The Female Athlete Triad (Triad) is a medical condition often observed in physically active girls and women. It involves any one or more of the following three components that are often interrelated (each addressed individually in this document): LEA, with or without DE/ED, menstrual dysfunction, and low BMD.

The components of the Triad each present along a physiological spectrum:

  • EA ranges from optimal to LEA to ED
  • Menstrual function ranges from eumenorrhea to oligomenorrhea to amenorrhea
  • BMD ranges from normal to low BMD to osteoporosis

The Female Athlete Triad Consensus Panel Cumulative Risk Assessment tool provides an objective method of determining an athlete’s risk using risk stratification and evidence-based risk factors. (10)

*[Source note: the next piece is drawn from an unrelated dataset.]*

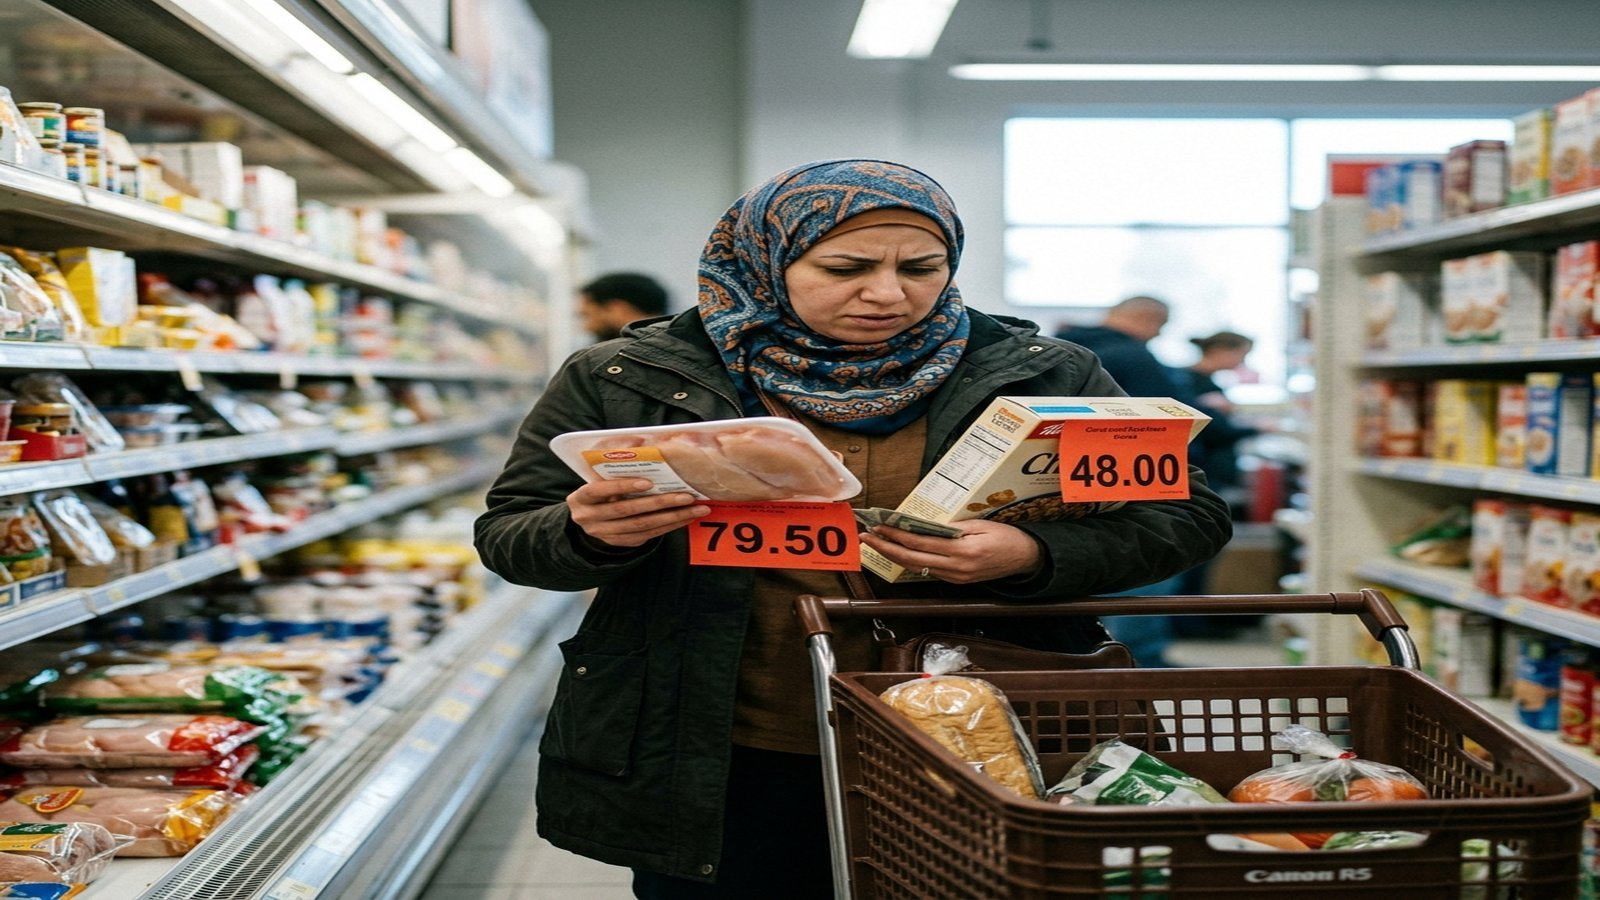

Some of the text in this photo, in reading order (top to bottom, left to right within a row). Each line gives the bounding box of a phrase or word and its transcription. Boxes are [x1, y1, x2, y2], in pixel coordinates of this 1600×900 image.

[1070, 453, 1179, 488] 48.00
[699, 521, 848, 557] 79.50
[1244, 869, 1332, 883] Canon

Relative Energy Deficiency in Sports is a broader, more comprehensive term defining a syndrome that occurs in both female and male athletes, where LEA may lead to altered reproductive hormones (including menstrual dysfunction) and/or low BMD, and also abnormalities in other systems (e.g., metabolic, cardiovascular, and gastrointestinal immunologic) that may have both health and performance consequences.

It is essential the team physician understand the following:

  • The definition and recognize components of the Triad.
  • Components of the Triad are interrelated; if one is identified, others should be evaluated.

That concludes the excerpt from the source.